墓所は長野県辰野町見宗寺。なお、近くの法性(ほっしょう)神社に、戦う大和と有賀艦長の肖像レリーフで飾られた自然石の記念碑が建立されている。
[編集] 逸話
ジャワ攻略戦の際、指揮所で衛生兵に「足が痒くてかなわん。薬を塗ってくれ」と衛生兵に水虫の治療をさせながら指揮をしたと云われている。
菊水作戦が発令された際、大和に乗艦していた傷病者と老兵、兵学校卒業直後の53名の士官候補生が第二艦隊司令長官伊藤整一中将の命令により退艦命令が出される。しかし『戦艦大和の主』を自称していた奥田特務少佐(当時第二主砲砲塔長。実戦配備された時から一貫して大和に乗艦していた)に激しく退艦を拒否される(その際、奥田特務少佐は「大和が死にに行くのなら、ワシが付いて行って最後を見てやらねばならぬ」と激怒し、艦橋に居た有賀の所に怒鳴り込んで行ったと云う)。
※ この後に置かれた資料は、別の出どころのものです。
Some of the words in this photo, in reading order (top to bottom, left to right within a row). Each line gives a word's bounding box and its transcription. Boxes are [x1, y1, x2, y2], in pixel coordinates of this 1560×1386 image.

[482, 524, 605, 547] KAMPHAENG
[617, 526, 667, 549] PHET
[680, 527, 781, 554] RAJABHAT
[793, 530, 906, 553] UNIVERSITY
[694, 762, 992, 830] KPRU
有賀は怒り狂う奥田特務少佐に対し軍人勅諭を例に出しながら説得する。有賀の説得に奥田特務少佐も折れ退艦命令を受け入れる。有賀・奥田両名も涙を流し、その姿に艦橋に居た将校・兵士も思わずもらい泣きをしたと云う(このエピソードは戦後、奥田特務少佐の回想録に記述されている)
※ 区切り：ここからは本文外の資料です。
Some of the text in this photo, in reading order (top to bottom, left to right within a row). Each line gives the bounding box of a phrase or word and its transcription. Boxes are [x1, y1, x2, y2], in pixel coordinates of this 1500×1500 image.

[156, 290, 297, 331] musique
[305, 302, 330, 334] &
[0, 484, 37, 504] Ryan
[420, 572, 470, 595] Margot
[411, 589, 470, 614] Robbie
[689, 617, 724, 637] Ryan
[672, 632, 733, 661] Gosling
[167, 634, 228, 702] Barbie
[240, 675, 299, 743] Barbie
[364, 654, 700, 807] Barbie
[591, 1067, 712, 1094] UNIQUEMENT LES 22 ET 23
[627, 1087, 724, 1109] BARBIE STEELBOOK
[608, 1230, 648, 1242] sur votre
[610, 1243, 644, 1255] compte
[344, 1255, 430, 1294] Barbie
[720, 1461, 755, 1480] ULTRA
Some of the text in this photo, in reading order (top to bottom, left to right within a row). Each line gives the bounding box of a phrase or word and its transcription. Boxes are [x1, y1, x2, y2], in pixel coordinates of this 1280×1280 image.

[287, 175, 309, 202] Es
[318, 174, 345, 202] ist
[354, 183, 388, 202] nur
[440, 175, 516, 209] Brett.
菊水作戦出撃前の夜、戦艦大和艦内で酒盛りをしていた青年海軍士官達の処を訪れた際、酩酊した海軍士官に「木魚が来た!」と頭をペチペチと叩かれたと云う。本来なら怒り出すところであるが、有賀は高笑いしてされるに任せていたと云う。なお、このエピソードは、1981年に劇場公開された東宝映画『連合艦隊』(監督:松林宗恵。特技監督:中野昭慶)でも、形を少し変えた上で描かれている(この映画では、中谷一郎が有賀艦長役を演じた)。